Re: Engineering Your Own SHY
Posted: Fri Jul 01, 2016 1:03 pm
by KevinW
MachineGhost wrote:
Couldn't you just avoid that by only buying on the run issues?
AFAIK yes, but I don't know whether any brokers allow you to buy bills at auction commission free. You can buy auction bills through Treasury Direct but that's taxable only. Also there's the issue of what you do with idle cash in between the auctions, it has to go somewhere.
MachineGhost wrote:
And CD's bought direct probably don't have the markup either.
CDs are not the same thing as T-bills. If one is comfortable with the heightened risk of FDIC-issued bank securities then they can save themselves a lot of trouble and use an online high yield savings account.
Re: Engineering Your Own SHY
Posted: Fri Jul 01, 2016 4:03 pm
by Kbg
KevinW wrote:Kriegsspiel wrote:BTW, it's not through that Investing In Bonds site... that's just a click through to
Morningstar where you can input your CUSIP. Now anyways, according to them, the last trade (on the day I bought it for 100.74) was 100.72. The day before it was 100.62, so it probably was trading between 100.62 and 100.72 when I bought it, for a markup somewhere between .02% and .12%. Maybe I just got lucky, and the markups are usually higher?
Sorry about that. Yes it sounds like you got a good deal on a small markup, but from what I've read it's usually higher.

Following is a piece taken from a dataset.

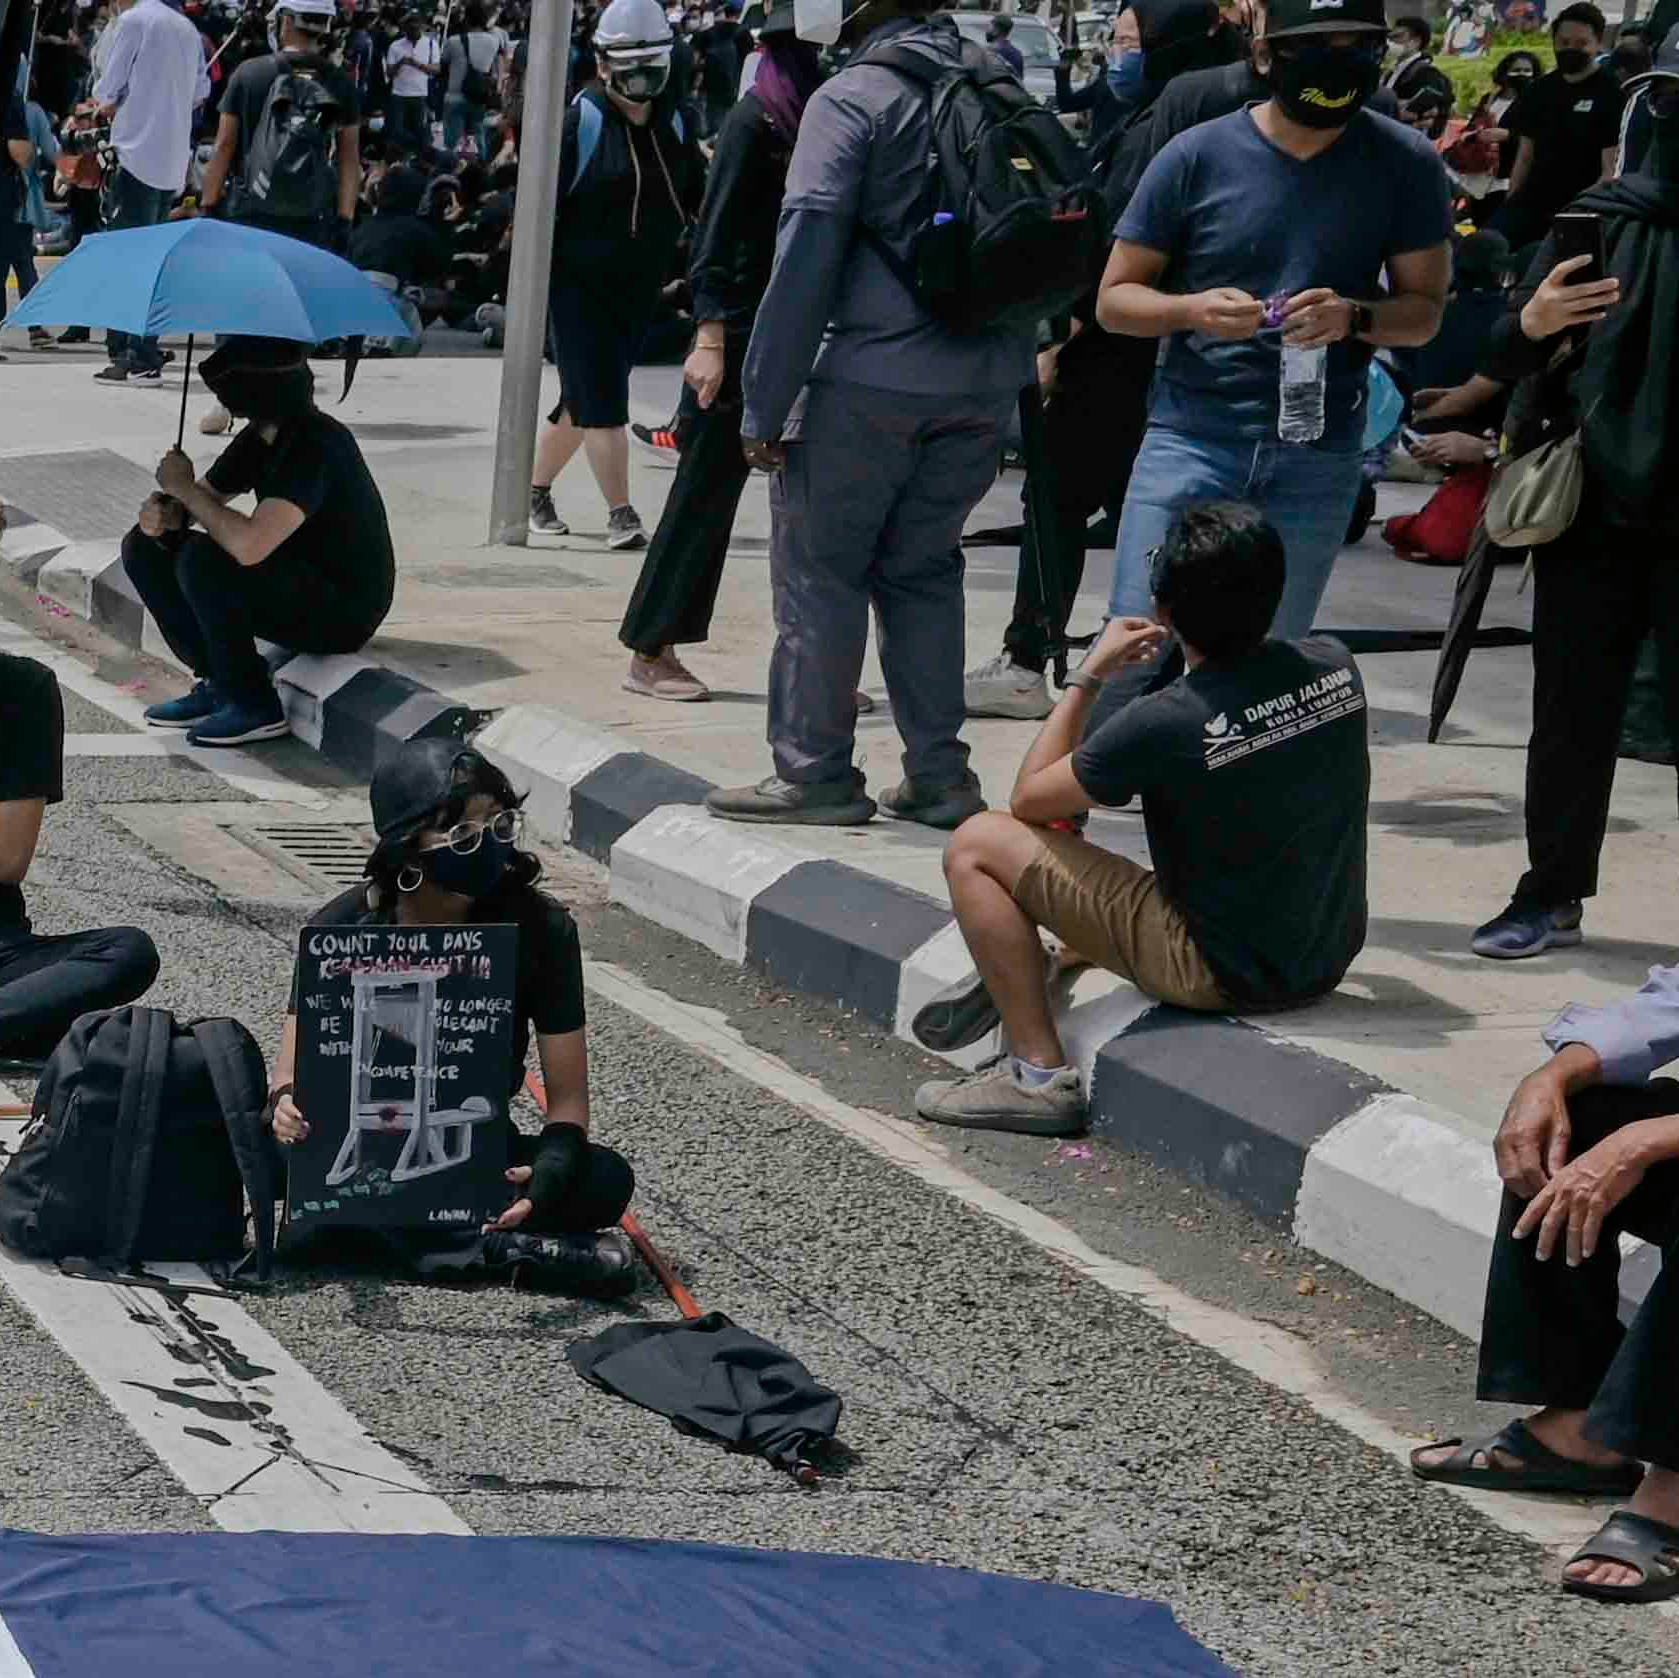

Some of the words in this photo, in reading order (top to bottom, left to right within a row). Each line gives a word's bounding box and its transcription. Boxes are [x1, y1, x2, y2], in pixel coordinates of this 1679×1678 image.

I think the big mark ups are more commercial and muni bond related. A decent broker should have pretty good spreads on treasuries (or I'd go somewhere else).
Thanks for all the input. I think it looks like breakeven to maybe even a bit more expensive to do the ladder vs. SHY given my likely trade size. And certainly SHY wins in the hassle factor category.
Re: Engineering Your Own SHY
Posted: Fri Jul 01, 2016 6:54 pm
by KevinW
Kbg wrote:I think it looks like breakeven to maybe even a bit more expensive to do the ladder vs. SHY given my likely trade size. And certainly SHY wins in the hassle factor category.
Yeah, that's my feeling. The ladder works and people who use it are not wrong, but for me it's not worth the hassle.
Re: Engineering Your Own SHY
Posted: Fri Jul 01, 2016 7:31 pm
by MachineGhost
KevinW wrote:AFAIK yes, but I don't know whether any brokers allow you to buy bills at auction commission free. You can buy auction bills through Treasury Direct but that's taxable only. Also there's the issue of what you do with idle cash in between the auctions, it has to go somewhere.
Several brokers do ineed let you buy Treasuries for free including at auction as well as on the secondary market. Fidelity comes to mind. But none offer autoinvest. I'm willing to pay for that as I have better things to do and I don't like seeing gains or losses when I login to place a manual trade.